Incorporate Strength Training Moves
Strength or resistance training can help you build muscle and endurance. You may decide to use a pair of light hand weights that you can lift in front of you (in an up and down motion), as you walk in place or around the house.
Some people like to incorporate controlled arm swings as they walk, as this approach allows you to strength train using your own body weight.
Just be careful not to hit your arms on anything inside the home.
A few other indoor walking tips:
- Wear the right shoes: running or walking shoes are meant to provide an extra layer of support and stability as you move. This is especially important for your knees and other joint muscles. Remember to leave your shoes on as you walk and avoid working out in flats or dress shoes.
- Drink plenty of water: remember to stay hydrated during your workout routine.
- Listen to music/podcasts: though working out is good for us, it’s not always the most exciting activity for some—especially when we’re stuck indoors. If you find yourself getting bored, or you need to keep your mind on something else as you walk in place or around the house, try adding music or listening to your favorite podcast or audiobook. Just remember to keep the focus on your movements, too!
Indoor Walking at Primrose
At Primrose, our goal is to provide every resident access to outstanding onsite amenities that allow them to stay active and social!
We offer a fitness center in every community location, in addition to wellness programs each week that blend aerobic activities with strengthening and balance techniques. Each program is led by our experienced Life Enrichment Coordinators.
Depending on your mobility needs, or how you like to exercise (privately or in groups), we offer a comfortable setting, onsite exercise equipment, and plenty of group-led wellness programs to help you plan your exercise routine around your schedule.
To learn more about how we work to keep residents healthy and active, contact us today!
Fun, Indoor Walking Exercise for Seniors
Before we go, we wanted to share a few Youtube videos on indoor walking that are fun, simple, and perfect for seniors looking to kickstart their indoor-walking program.

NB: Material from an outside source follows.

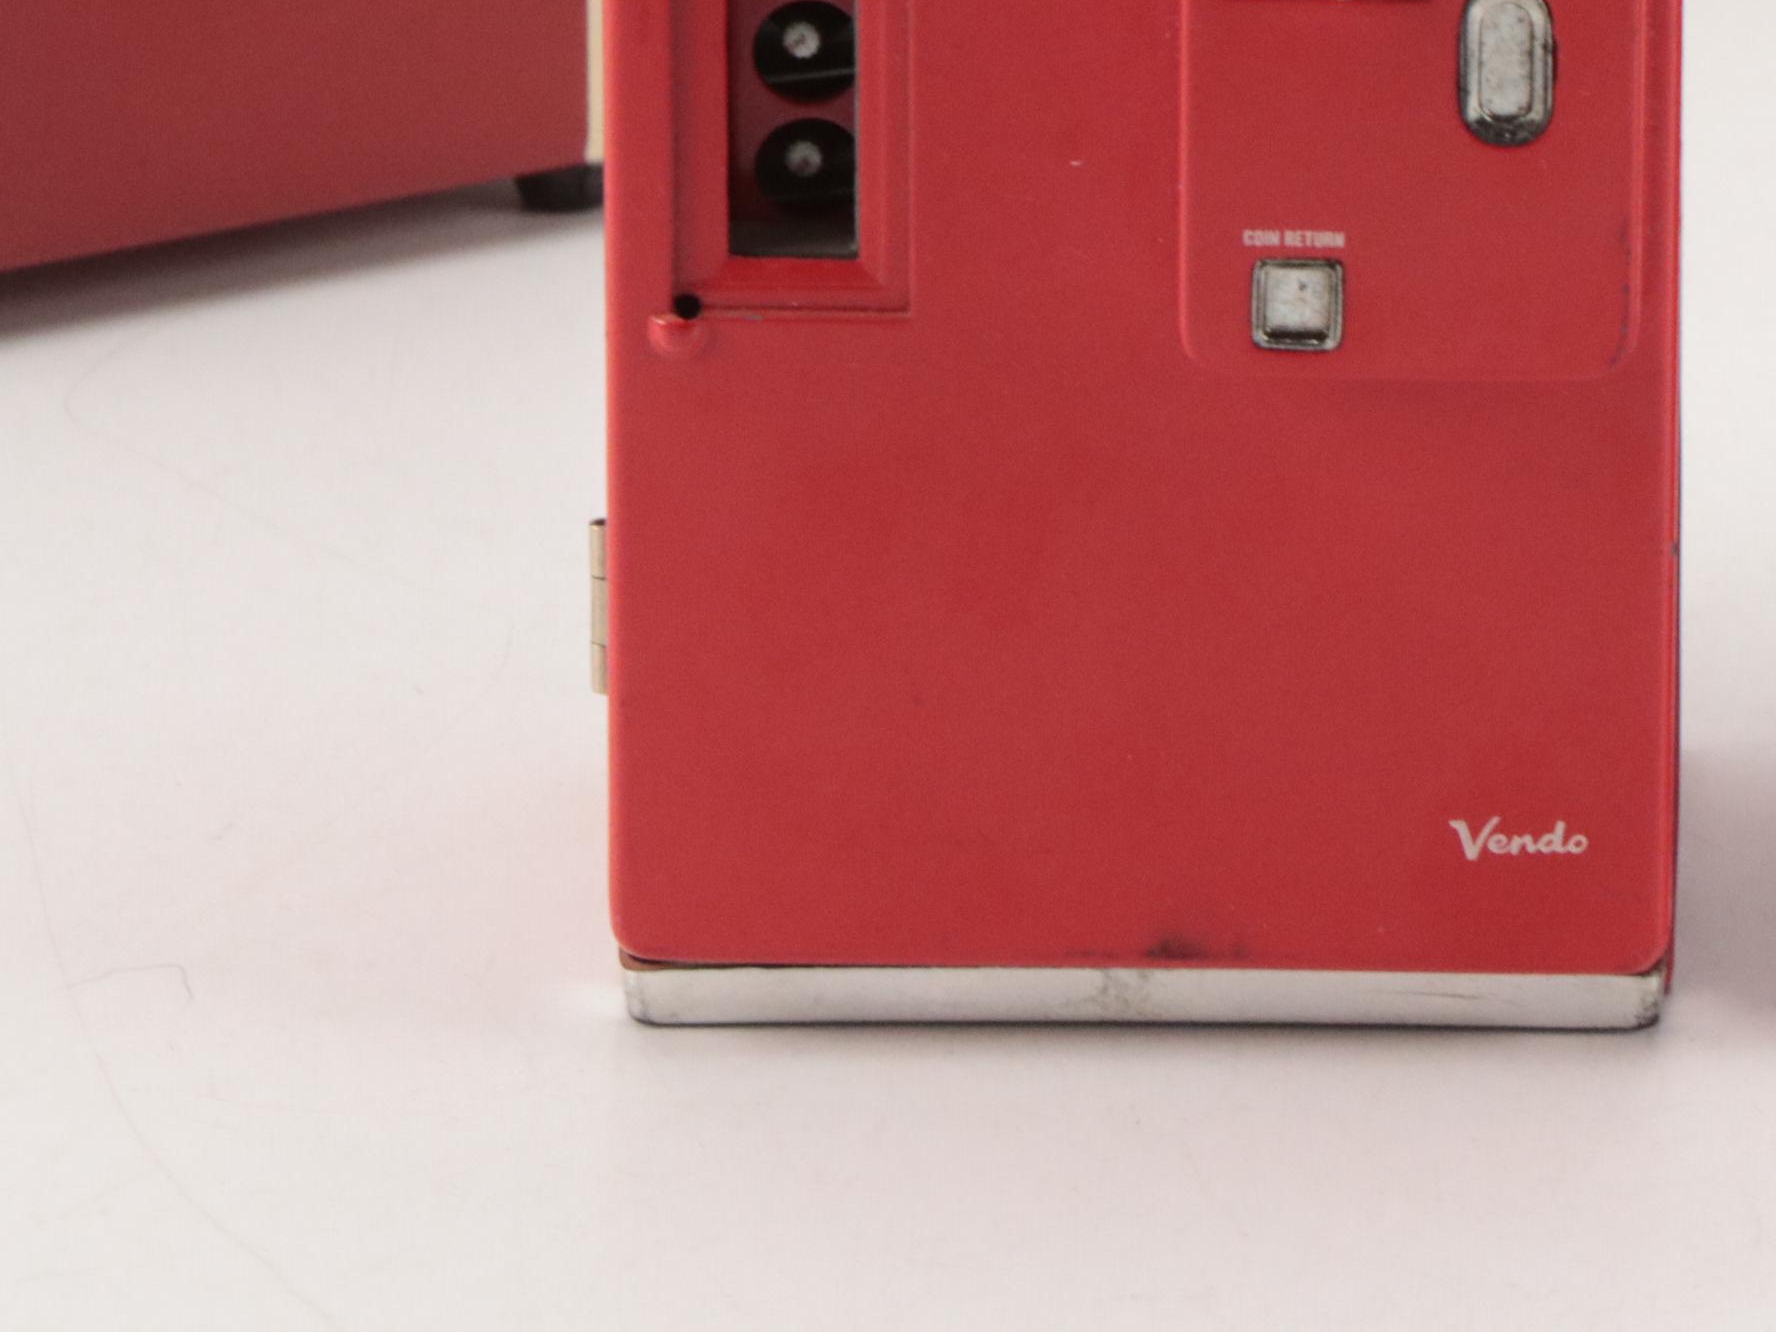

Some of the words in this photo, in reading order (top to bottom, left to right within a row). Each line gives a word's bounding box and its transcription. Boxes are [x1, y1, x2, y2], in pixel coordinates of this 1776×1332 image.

[1243, 229, 1280, 247] COIN
[1284, 231, 1345, 248] RETURN
[1448, 815, 1589, 861] Vendo

The popular mother-and-daughter duo behind the brand yes2next, for instance, creates easy-to-follow indoor-workout videos that are geared toward building strength, stability, and endurance for seniors of any age group or mobility level.
Their 10-minute indoor walking video is a great beginner program for seniors looking to build a regular routine while learning tips and techniques on posture, foot placement, arm swings, and strides.
They also offer a 15, 25, and 30-minute walking video for an added challenge—as well as a gentle stretching tutorial to try before you get started with your workout.
Just remember to consult with your primary physician before trying one of these videos at home!